**Aim of the exercise**:
All records must be quoted exactly. Omit the pictures.

--- START ---

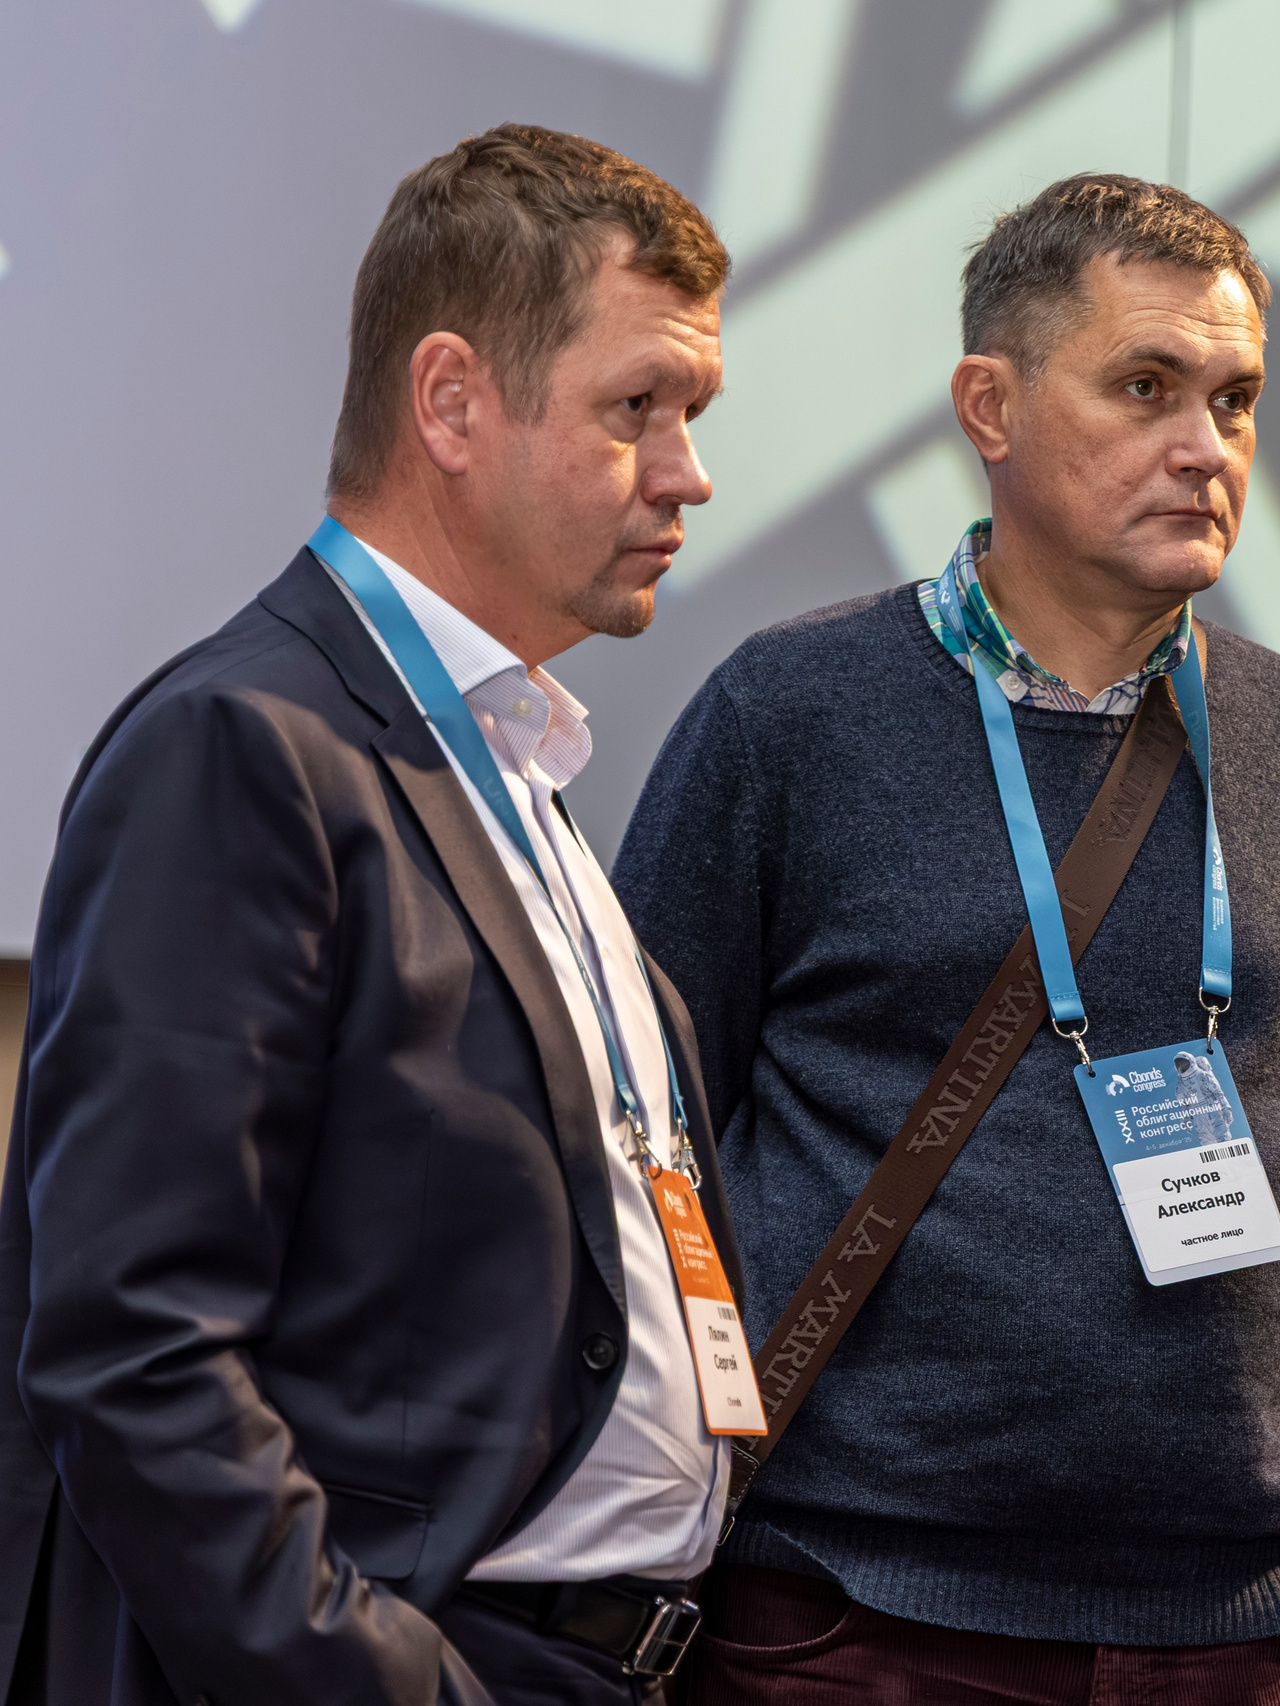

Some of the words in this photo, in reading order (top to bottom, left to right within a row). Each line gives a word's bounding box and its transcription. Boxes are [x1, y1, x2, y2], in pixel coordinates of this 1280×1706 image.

[1128, 1067, 1163, 1085] Cbonds
[1132, 1079, 1167, 1093] congress
[1131, 1093, 1199, 1116] Российский
[1136, 1100, 1222, 1128] облигационный
[1114, 1109, 1135, 1145] XXIII
[1140, 1120, 1194, 1139] конгресс
[1161, 1171, 1221, 1193] Сучков
[1158, 1191, 1245, 1219] Александр
[838, 1204, 898, 1262] LA
[1181, 1232, 1219, 1246] частное
[1221, 1228, 1244, 1239] лицо
[708, 1325, 730, 1342] Лялин
[714, 1354, 738, 1374] Сергей
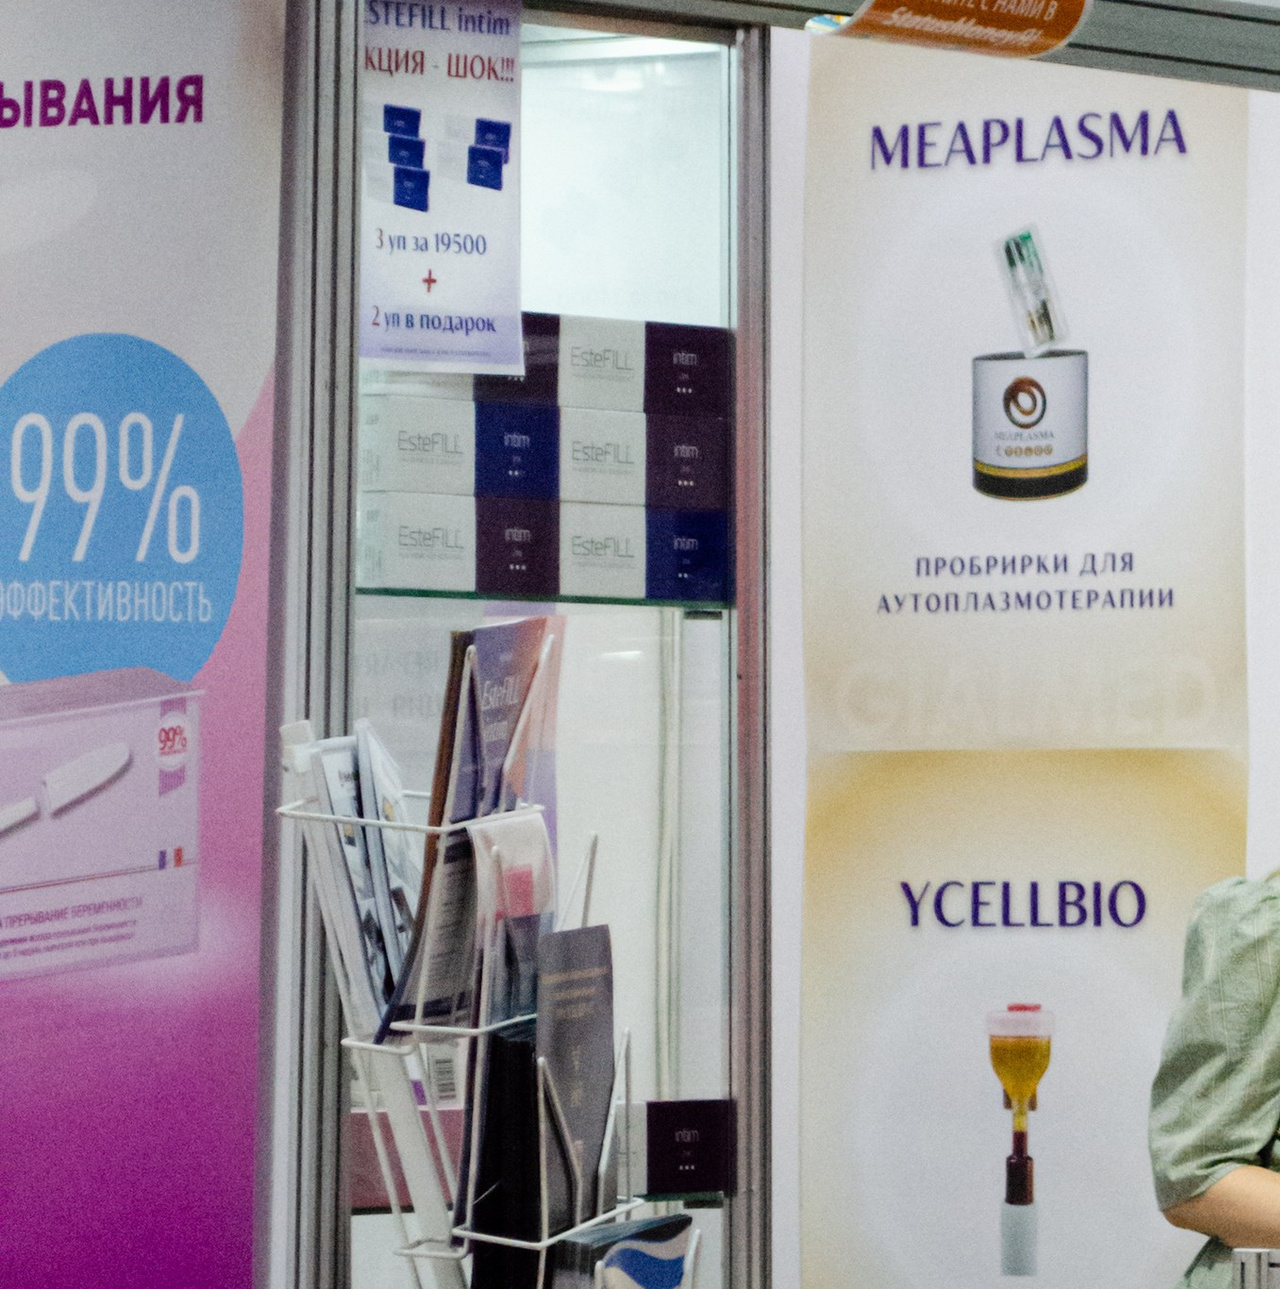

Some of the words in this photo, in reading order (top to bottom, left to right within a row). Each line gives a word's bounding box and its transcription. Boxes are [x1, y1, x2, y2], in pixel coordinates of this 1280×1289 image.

[458, 6, 510, 35] intim
[1044, 0, 1058, 21] В
[447, 53, 515, 82] ШОК!!!
[871, 109, 1187, 170] MEAPLASMA
[376, 228, 384, 249] 3
[388, 234, 406, 255] уп
[412, 236, 428, 252] за
[435, 232, 487, 255] 19500
[372, 305, 380, 326] 2
[384, 312, 400, 332] уп
[405, 314, 414, 329] в
[420, 314, 497, 336] подарок
[398, 431, 464, 455] EsteFILL
[571, 441, 634, 465] EsteFILL
[10, 412, 201, 564] 99%
[399, 525, 464, 549] EsteFILL
[571, 536, 634, 559] EsteFILL
[916, 554, 1068, 577] ПРОБРИРКИ
[1079, 552, 1134, 576] ДЛЯ
[877, 587, 1174, 613] АУТОПЛАЗМОТЕРАПИИ
[900, 879, 1147, 929] YCELLBIO
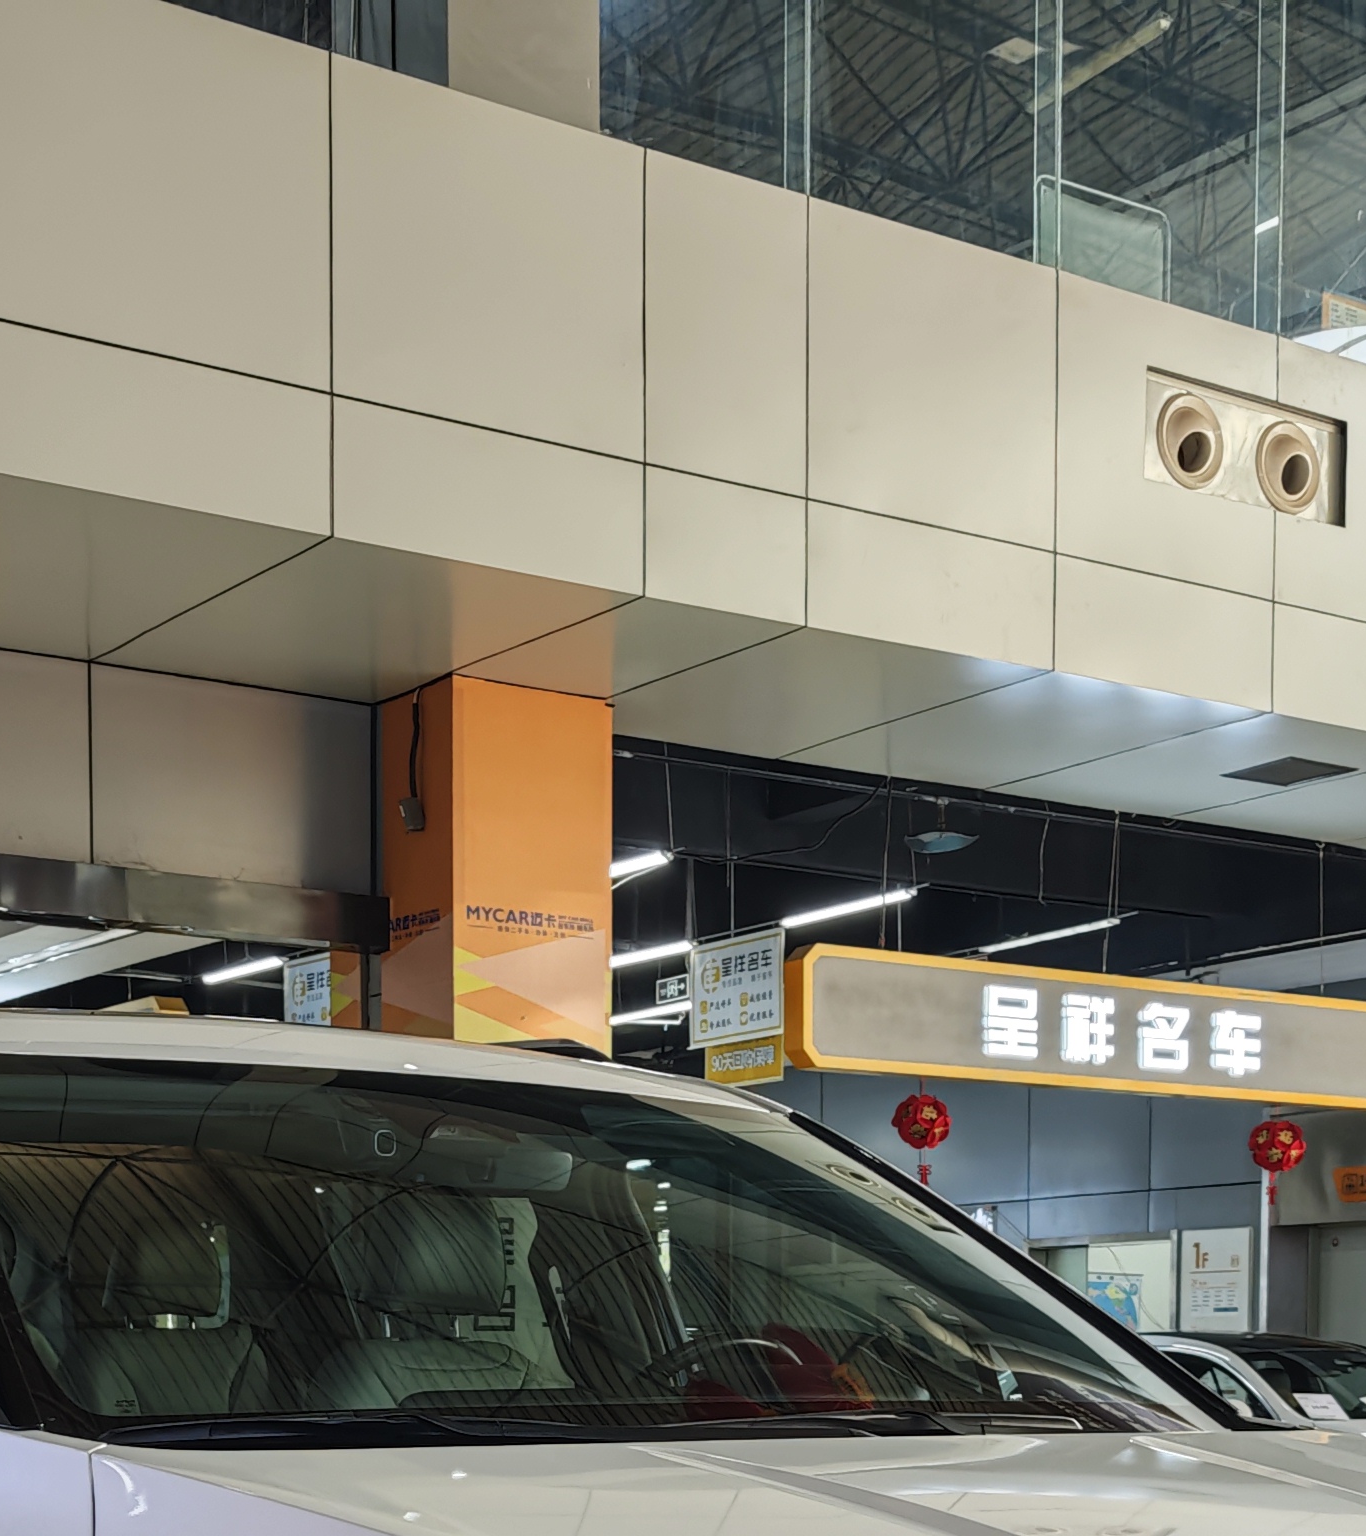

--- END ---

**Result**:
Some of the words in this photo, in reading order (top to bottom, left to right within a row). Each line gives a word's bounding box and its transcription. Boxes are [x1, y1, x2, y2], in pixel coordinates of this 1280×1706 image.

[1128, 1067, 1163, 1085] Cbonds
[1132, 1079, 1167, 1093] congress
[1131, 1093, 1199, 1116] Российский
[1136, 1100, 1222, 1128] облигационный
[1114, 1109, 1135, 1145] XXIII
[1140, 1120, 1194, 1139] конгресс
[1161, 1171, 1221, 1193] Сучков
[1158, 1191, 1245, 1219] Александр
[838, 1204, 898, 1262] LA
[1181, 1232, 1219, 1246] частное
[1221, 1228, 1244, 1239] лицо
[708, 1325, 730, 1342] Лялин
[714, 1354, 738, 1374] Сергей

Some of the words in this photo, in reading order (top to bottom, left to right within a row). Each line gives a word's bounding box and its transcription. Boxes are [x1, y1, x2, y2], in pixel coordinates of this 1280×1289 image.

[458, 6, 510, 35] intim
[1044, 0, 1058, 21] В
[447, 53, 515, 82] ШОК!!!
[871, 109, 1187, 170] MEAPLASMA
[376, 228, 384, 249] 3
[388, 234, 406, 255] уп
[412, 236, 428, 252] за
[435, 232, 487, 255] 19500
[372, 305, 380, 326] 2
[384, 312, 400, 332] уп
[405, 314, 414, 329] в
[420, 314, 497, 336] подарок
[398, 431, 464, 455] EsteFILL
[571, 441, 634, 465] EsteFILL
[10, 412, 201, 564] 99%
[399, 525, 464, 549] EsteFILL
[571, 536, 634, 559] EsteFILL
[916, 554, 1068, 577] ПРОБРИРКИ
[1079, 552, 1134, 576] ДЛЯ
[877, 587, 1174, 613] АУТОПЛАЗМОТЕРАПИИ
[900, 879, 1147, 929] YCELLBIO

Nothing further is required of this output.